“Meet Donald Trump. Donald Trump is a famous entrepreneur. He is also a television personality. In 2015, Trump surprised many people when he decided to run for president. In November 2016, he won the election. Donald Trump became the 45th president of the United States” (President Donald Trump).
That’s it. The whole story. No p*ssy talk, no Russian bro-mancing, no immigration, no disabled reporters, no hint of lawsuits or corruption. Because President Donald Trump is a children’s book, aimed at first and second graders. It isn’t supposed to delve into the salacious details or discuss the warring political, social, economic, and philosophical beliefs surrounding Trump’s presidency.
To adults, however, the pithiness of books like Joanne Mattern’s President Donald Trump is more horrifying than anything else: “On June 16, 2016, Trump announced he was running for president. He was an unusual choice because he had no experience in politics . . . Trump ran against Hillary Clinton. She had a lot more experience in politics . . . The race was close, but Trump won. Many people were happy. Donald Trump inspired his supporters to try something new. He promised them a better future.
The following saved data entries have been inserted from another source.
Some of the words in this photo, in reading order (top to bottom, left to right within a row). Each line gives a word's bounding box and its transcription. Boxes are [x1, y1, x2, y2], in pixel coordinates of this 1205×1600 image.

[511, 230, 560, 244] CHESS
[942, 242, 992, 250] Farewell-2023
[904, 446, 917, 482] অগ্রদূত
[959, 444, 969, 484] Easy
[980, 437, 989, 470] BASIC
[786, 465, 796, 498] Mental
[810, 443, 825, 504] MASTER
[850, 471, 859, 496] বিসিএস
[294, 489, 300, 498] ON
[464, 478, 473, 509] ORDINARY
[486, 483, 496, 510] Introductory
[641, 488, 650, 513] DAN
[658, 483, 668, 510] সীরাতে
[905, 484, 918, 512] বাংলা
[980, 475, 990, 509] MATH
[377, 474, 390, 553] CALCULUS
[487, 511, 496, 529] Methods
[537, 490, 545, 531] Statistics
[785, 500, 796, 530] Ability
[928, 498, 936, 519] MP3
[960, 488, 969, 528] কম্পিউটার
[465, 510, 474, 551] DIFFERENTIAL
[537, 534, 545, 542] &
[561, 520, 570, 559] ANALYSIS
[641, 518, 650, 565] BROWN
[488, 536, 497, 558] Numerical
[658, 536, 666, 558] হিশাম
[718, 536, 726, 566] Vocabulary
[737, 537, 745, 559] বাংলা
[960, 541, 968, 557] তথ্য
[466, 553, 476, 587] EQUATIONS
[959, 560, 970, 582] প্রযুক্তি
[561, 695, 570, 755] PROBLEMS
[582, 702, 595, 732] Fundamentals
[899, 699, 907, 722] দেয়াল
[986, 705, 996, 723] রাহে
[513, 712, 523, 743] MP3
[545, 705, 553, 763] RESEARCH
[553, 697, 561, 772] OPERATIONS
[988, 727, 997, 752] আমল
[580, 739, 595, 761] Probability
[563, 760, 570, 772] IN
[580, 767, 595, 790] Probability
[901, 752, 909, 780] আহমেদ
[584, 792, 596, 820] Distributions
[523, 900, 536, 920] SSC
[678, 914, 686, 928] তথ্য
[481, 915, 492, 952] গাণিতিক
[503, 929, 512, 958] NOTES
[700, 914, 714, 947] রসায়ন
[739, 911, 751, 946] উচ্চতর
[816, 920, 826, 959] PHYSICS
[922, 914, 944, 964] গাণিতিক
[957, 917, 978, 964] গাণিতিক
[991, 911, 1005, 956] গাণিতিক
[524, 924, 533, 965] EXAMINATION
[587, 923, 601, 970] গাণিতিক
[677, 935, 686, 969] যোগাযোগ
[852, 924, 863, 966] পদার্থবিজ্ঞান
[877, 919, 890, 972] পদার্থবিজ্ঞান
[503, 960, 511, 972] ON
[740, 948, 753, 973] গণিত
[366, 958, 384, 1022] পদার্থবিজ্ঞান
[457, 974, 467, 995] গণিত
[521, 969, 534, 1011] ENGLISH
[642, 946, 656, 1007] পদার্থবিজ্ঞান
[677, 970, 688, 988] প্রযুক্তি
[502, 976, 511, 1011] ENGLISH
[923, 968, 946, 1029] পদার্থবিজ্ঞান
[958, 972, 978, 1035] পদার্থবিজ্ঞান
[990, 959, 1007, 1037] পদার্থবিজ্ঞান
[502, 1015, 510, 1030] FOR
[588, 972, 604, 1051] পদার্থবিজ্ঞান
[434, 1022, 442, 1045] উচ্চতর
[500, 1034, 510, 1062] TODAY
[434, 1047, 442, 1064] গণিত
Millions of Americans are counting on him to help improve their lives.”
It’s difficult to argue with the bare facts that Mattern lays out, but describing Trump in this way is rather like saying, “Hitler was a powerful leader. He promised to lead the German people out of their economic depression. He particularly wanted to help Aryan citizens. Many people were happy with his leadership style.”
At some point, sticking to the bare facts starts to sound like lies. And it’s definitely not okay that these are the explanations given in what are supposed to be educational children’s books.
Of course, some authors do attempt to get in a little more detail. Jill C. Wheeler, author of a fourth grade-level book called Donald Trump, isn’t so afraid of offending the new president. She notes that Trump “made many voters uneasy” during his campaign and was “full of hostility.” She also makes a point of highlighting important vocabulary words, like “Real Estate” and “Electoral College.” “Immigration” is also a key vocab word, used in reference to two out of three of Trump’s wives, his mother, and the millions of people he would like to bar from the country.
Of course, the most disturbing fact is that such books only cover the election–who knows how Trump’s presidency will be discussed in future children’s books and textbooks!
Of course, compression isn’t always a bad thing. This soundbite from Harper’s is one of the best things I’ve seen in months:
“Donald Trump, a real estate developer endorsed by the KKK, was elected president of the United States . . . In Orlando, a bald eagle flew into a sewer and died.”